The Role of Hepatobiliary Transporters in Bile Acid Homeostasis

Abstract Bile acids (BAs) synthesized from cholesterol in the liver play a crucial role in the absorption of fat-soluble vitamins and cholesterol in the small intestine. Hepatocytes possess basolateral uptake transporters, such as Na + /taurocholate cotransporting polypeptide (NTCP) and organic anion transporting polypeptide (OATPs), which facilitate the uptake of bile salts from portal blood. Efflux transporters, including bile salt export pump (BSEP) and multidrug resistance-associated protein 2 (MRP2), mediate the canalicular excretion of biliary constituents, a rate-limiting step in bile secretion.
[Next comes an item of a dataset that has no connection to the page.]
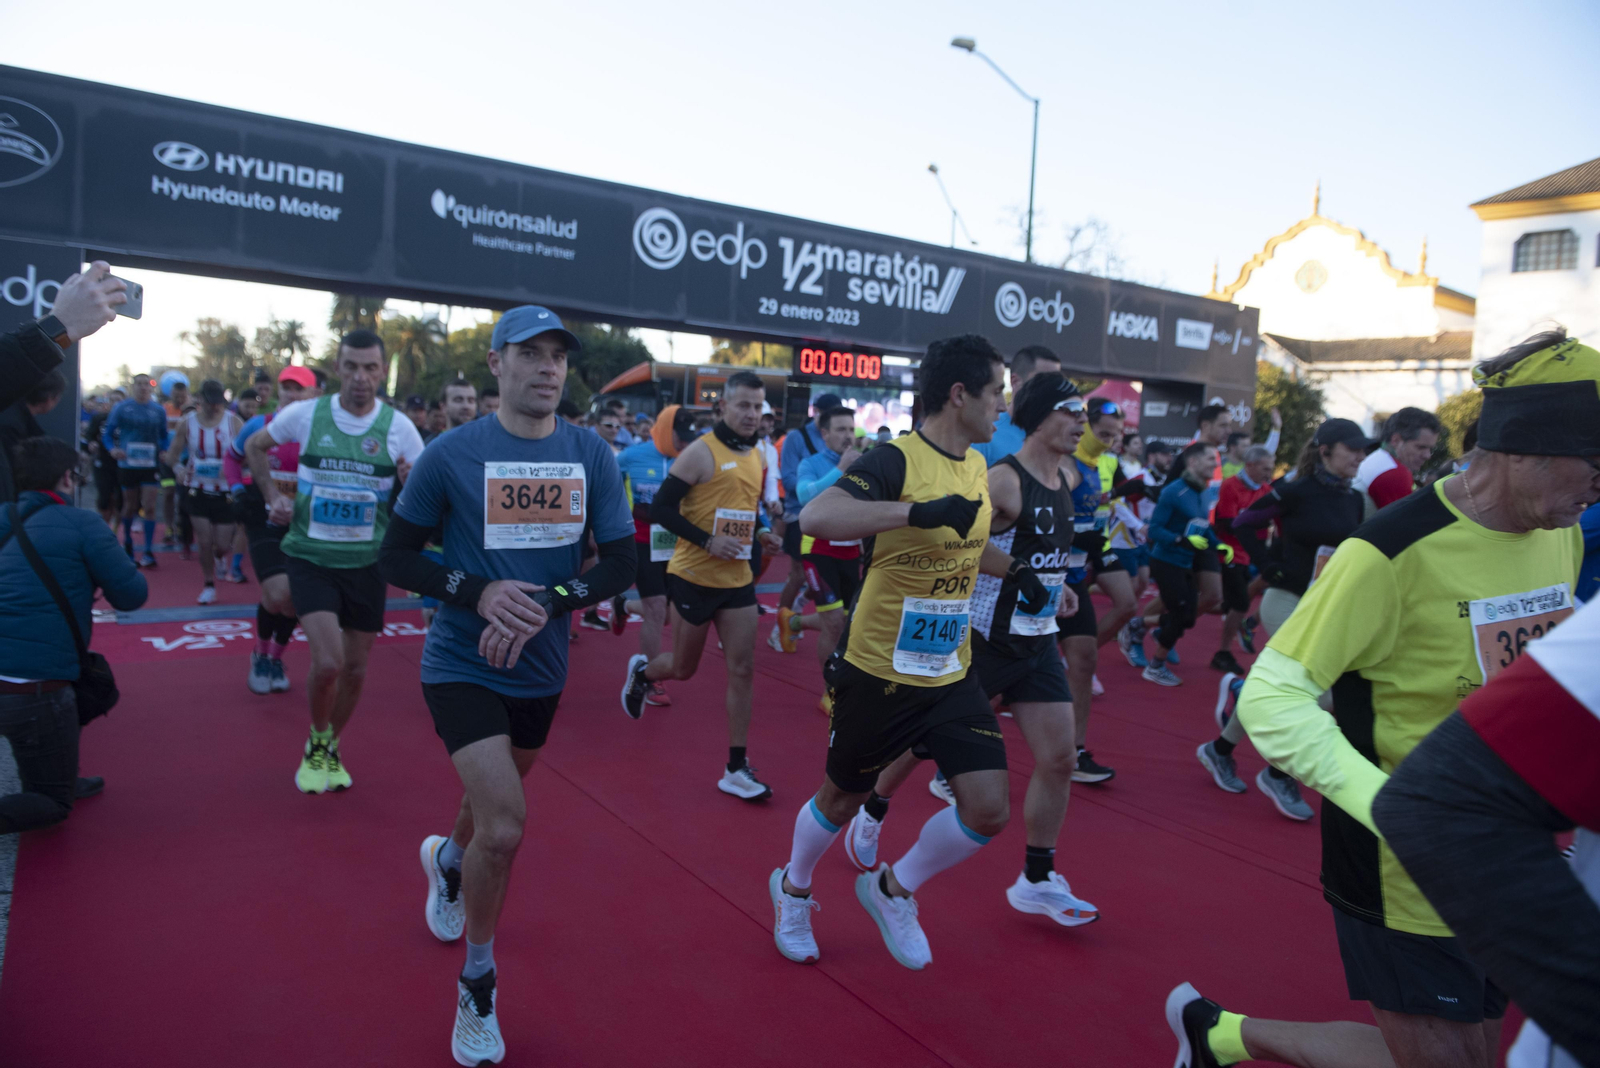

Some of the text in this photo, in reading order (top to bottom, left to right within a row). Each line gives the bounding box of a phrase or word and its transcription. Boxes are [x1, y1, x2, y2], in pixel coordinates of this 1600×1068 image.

This review explores the roles of hepatobiliary transporters and their regulatory nuclear receptors in BA homeostasis, focusing on their clinical and therapeutic implications. Alternative basolateral efflux systems (MRP3, MRP1, MRP4, and OSTα-OSTβ) and hepatic canalicular export systems (BSEP, MRP2, MDR3, and MDR1) are discussed in the context of bile formation and drug transport. Gallstone pathogenesis is linked to canalicular transporters for phosphatidylcholine (MDR3), cholesterol (ABCG5/8), and BAs (BSEP), as well as their regulating nuclear receptors. Understanding the complex interplay between hepatobiliary transporters and nuclear receptors in BA homeostasis is essential for developing novel therapeutic strategies for cholestatic liver diseases and gallstone formation.